In 2012, a $305 million IRS budget reduction resulted in $5 billion less in enforcement revenue.

On January 6, 2012, the IRS announced the results of its most recent measurement of annual losses to the U.S. Treasury due to taxpayer noncompliance, also known as the tax gap. This study reflected the IRS’ estimates of noncompliance for tax year 2006. The IRS’ conclusion: In only five years, the tax gap increased from $345 billion in 2001 to $450 billion in 2006. In 2012, the IRS implemented new programs and made changes to its procedures to try to close the tax gap. But budget cuts also meant that the IRS had to conduct compliance activity with $305 million less. The result was $5 billion less in revenue from enforcement activities.

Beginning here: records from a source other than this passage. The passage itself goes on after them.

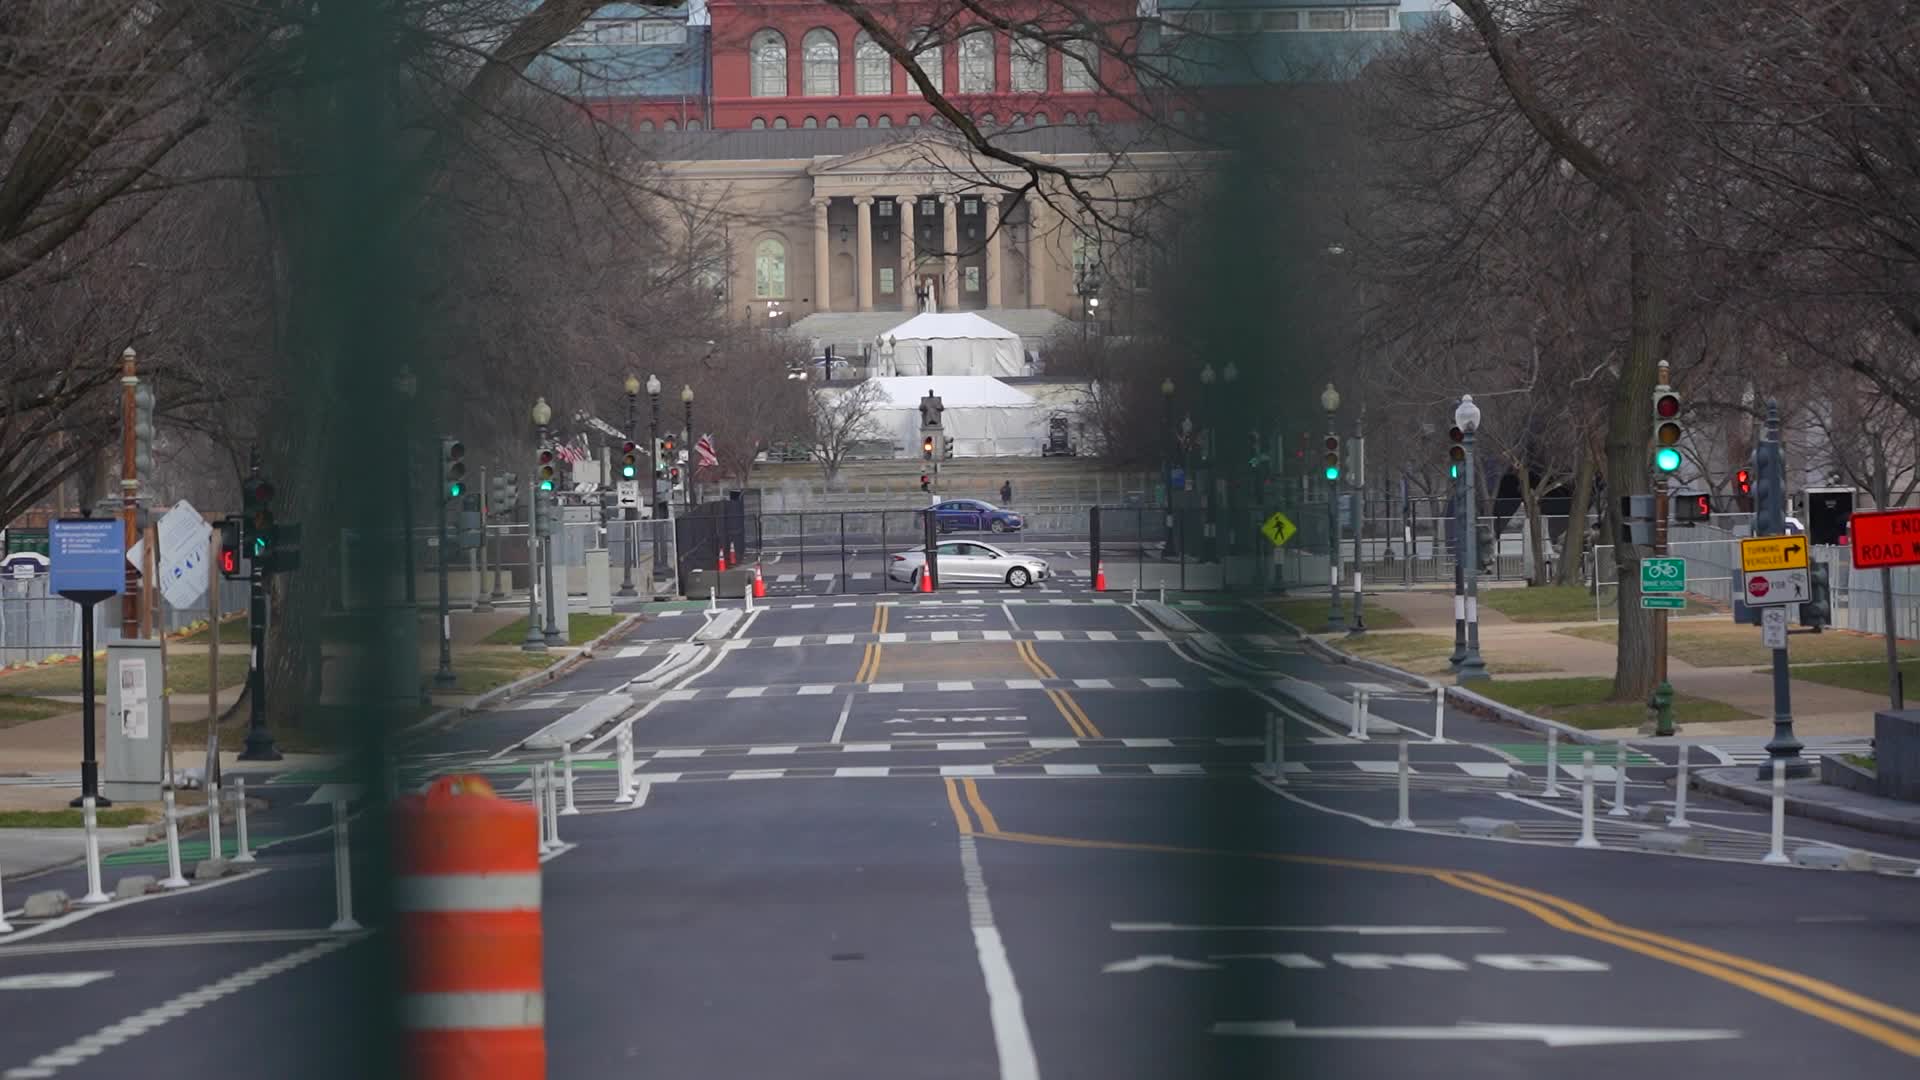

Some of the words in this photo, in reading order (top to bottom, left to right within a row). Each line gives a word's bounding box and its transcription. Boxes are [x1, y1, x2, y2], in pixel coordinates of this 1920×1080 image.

[1891, 517, 1920, 535] END
[1746, 544, 1780, 556] TURNING
[1861, 543, 1904, 561] ROAD
[1745, 556, 1783, 567] VEHICLES
[1749, 582, 1769, 592] STOP
[1771, 581, 1785, 590] FOR

Despite budget challenges, the IRS expanded some programs and improved others. Here are some of the most significant changes in IRS compliance that took place in 2012 – and a look ahead at what to expect in 2013.

Examinations

In 2012, the IRS continued to focus on correspondence (mail) examinations, which contributed to an overall audit coverage rate of slightly more than 1% for individual taxpayers. This rate dropped slightly in 2012 due to a reduction in examination personnel. The IRS will continue to focus on Schedule A deductions and tax credits in these examinations.

In 2012, the IRS started to focus closely on flow-through entities, and increased field examinations of partnerships and S corporations by 18.7%. In 2013, the IRS will focus on partnerships, looking closely at abusive transactions and underreported income, and on S corporations, looking closely at officer compensation and losses taken in excess of basis. IRS field agents will also continue to investigate small businesses, including e-commerce, for underreported income in 2013.

In 2012, the IRS emphasized accuracy-related penalty assessments and held preparers responsible for return errors and omissions, especially in areas of rental property and deducting S corporation losses in excess of basis. This trend will continue in 2013.

Penalties

In 2012, the IRS continued to pursue penalties to deter noncompliance. Since 2005, accuracy-related penalties assessed against individual taxpayers have increased 757%. In 2013, the IRS will continue to press for accuracy-related penalties in CP2000 underreported adjustments and audits.

For 2011 individual returns, the IRS provided a six-month grace period for unemployed and self-employed taxpayers who experienced a significant reduction in income. For certain taxpayers who filed Form 1127-A, this grace period allowed an extension of time to pay, without penalty, until Oct. 15, 2012. The IRS has not extended this provision for 2012 returns.

In 2012, the Treasury Inspector General for Tax Administration (TIGTA) criticized the IRS about what TIGTA described as a lack of uniformity in applying penalty abatement, and specifically criticized the IRS for not facilitating access to the first-time abatement relief option for failure to file, failure to pay, and failure to deposit penalties. First-time abatement is an administrative waiver that many taxpayers qualify for, but that the IRS does not readily publicize and that practitioners often don’t understand or request. In 2013, look for more pressure on the IRS to provide a form to simplify the process of requesting all types of penalty abatement.

Collection

In 2012, the IRS instituted additional Fresh Start initiatives to help struggling taxpayers pay their taxes. As part of these initiatives, the IRS relaxed streamlined installment agreement rules for individuals by increasing the threshold from $25,000 to $50,000, and the time to pay from 60 months to 72 months. The IRS also increased the qualifying amount for business trust fund express installment agreements from $10,000 to $25,000 to help businesses pay employment taxes and avoid the filing of a federal tax lien.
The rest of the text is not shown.